I already have all the dependencies except my theano version is 0.8.2 while the author's suggestion is 0.9.0. It is because when I use 0.9.0 I have another error which says : ImportError: cannot import name downsample

What can I do to fix the problem and make the example running ? Could you guys give me any suggestion or clue to solve my problem please?

Thank you.

debbie-ly77 avatar Nov 10 '17 04:11 debbie-ly77

It seems to me that the problem is related to bilinear upsampling. You can try the following to work around this issue: In model_defs.py, lines 421-428:

        {'i':55, 'type': 'skip', 'src': 33},
        {'i':56, 'type': 'conv', 'fs': (1, 1, 1), 'nkerns': 5},
        {'i':57, 'type': 'bint', 'up': 2},
        {'i':58, 'type': 'skip', 'src': 43},
        {'i':59, 'type': 'conv', 'fs': (1, 1, 1), 'nkerns': 5},
        {'i':60, 'type': 'shortcut', 'src': 57, 'dst': 59},
        {'i':61, 'type': 'bint', 'up': 2},
        {'i':62, 'type': 'shortcut', 'src': 54, 'dst': 61}

replace every {'i':x, 'type': 'bint', 'up': 2} with {'i':x, 'type': 'deconv', 'fs': (3, 3, 3), 'nkerns': 5, 'up': (2, 2, 2)}. This replaces all bilinear interpolation with deconvolution, which in theory should work just as well.

bkayalibay avatar Nov 10 '17 10:11 bkayalibay

Thank you. It could start training now. But a new problem is coming.

Building model, coach... input data dimensions: h: 160 w: 144 d: 128 set stats: train: 200, valid: 37, test: 37 No checkpoint available, using random initialization instead.

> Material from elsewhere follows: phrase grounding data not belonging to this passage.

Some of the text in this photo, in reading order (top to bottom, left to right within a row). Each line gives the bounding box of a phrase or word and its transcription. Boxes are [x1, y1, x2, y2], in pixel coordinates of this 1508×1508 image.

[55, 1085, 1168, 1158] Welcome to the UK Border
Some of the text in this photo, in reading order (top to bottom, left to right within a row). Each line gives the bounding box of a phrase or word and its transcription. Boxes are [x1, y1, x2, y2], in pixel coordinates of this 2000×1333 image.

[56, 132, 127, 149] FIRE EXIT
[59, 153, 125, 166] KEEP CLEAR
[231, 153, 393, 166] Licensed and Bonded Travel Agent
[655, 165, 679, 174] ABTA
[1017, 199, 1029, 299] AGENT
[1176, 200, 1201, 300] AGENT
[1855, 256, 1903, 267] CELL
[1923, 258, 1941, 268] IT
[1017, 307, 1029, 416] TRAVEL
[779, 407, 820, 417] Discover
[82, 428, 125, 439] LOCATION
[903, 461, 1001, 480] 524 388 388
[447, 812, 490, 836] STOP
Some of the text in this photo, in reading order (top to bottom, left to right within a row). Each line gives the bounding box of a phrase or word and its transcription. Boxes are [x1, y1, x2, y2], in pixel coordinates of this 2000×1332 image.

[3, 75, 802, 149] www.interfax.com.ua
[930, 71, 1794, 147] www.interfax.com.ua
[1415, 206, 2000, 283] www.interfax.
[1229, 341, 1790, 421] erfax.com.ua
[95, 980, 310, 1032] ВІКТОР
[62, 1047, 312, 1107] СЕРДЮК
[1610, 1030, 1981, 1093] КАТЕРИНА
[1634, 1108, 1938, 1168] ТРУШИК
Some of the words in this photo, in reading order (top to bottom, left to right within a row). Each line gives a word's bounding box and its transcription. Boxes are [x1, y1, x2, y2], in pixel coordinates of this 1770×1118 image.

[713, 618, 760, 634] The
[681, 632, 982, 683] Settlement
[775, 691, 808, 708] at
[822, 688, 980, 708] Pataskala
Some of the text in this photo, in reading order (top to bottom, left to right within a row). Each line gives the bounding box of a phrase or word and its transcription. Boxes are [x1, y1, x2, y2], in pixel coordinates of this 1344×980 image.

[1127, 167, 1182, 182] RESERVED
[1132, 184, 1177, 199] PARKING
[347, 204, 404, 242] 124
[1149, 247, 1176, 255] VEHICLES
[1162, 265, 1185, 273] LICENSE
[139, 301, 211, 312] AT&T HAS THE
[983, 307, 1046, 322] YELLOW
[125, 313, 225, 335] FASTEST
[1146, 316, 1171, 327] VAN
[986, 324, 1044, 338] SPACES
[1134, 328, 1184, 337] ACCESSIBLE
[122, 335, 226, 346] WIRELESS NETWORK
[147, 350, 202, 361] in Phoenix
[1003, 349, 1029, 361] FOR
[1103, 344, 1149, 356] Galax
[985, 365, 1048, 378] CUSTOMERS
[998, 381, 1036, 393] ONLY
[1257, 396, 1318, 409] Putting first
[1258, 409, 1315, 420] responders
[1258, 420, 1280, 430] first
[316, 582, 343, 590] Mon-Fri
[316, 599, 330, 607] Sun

Starting training... ERROR (theano.gof.opt): Optimization failure due to: local_useless_inc_subtensor ERROR (theano.gof.opt): node: IncSubtensor{Inc;int64:int64:}(Elemwise{add,no_inplace}.0, Reshape{1}.0, Constant{409936}, Constant{409952}) ERROR (theano.gof.opt): TRACEBACK: ERROR (theano.gof.opt): Traceback (most recent call last): File "/home/liuyan/anaconda2/lib/python2.7/site-packages/theano/gof/opt.py", line 1772, in process_node replacements = lopt.transform(node) File "/home/liuyan/anaconda2/lib/python2.7/site-packages/theano/tensor/opt.py", line 2313, in local_useless_inc_subtensor c = get_scalar_constant_value(node.inputs[0]) File "/home/liuyan/anaconda2/lib/python2.7/site-packages/theano/tensor/basic.py", line 662, in get_scalar_constant_value v.owner.op.perform(v.owner, const, ret) File "/home/liuyan/anaconda2/lib/python2.7/site-packages/theano/tensor/elemwise.py", line 839, in perform super(Elemwise, self).perform(node, inputs, output_storage) File "/home/liuyan/anaconda2/lib/python2.7/site-packages/theano/gof/op.py", line 769, in perform "Did you used Theano flags mode=FAST_COMPILE?" MethodNotDefined: ('perform', <class 'theano.tensor.elemwise.Elemwise'>, 'Elemwise', 'Did you used Theano flags mode=FAST_COMPILE? You can use optimizer=fast_compile instead.')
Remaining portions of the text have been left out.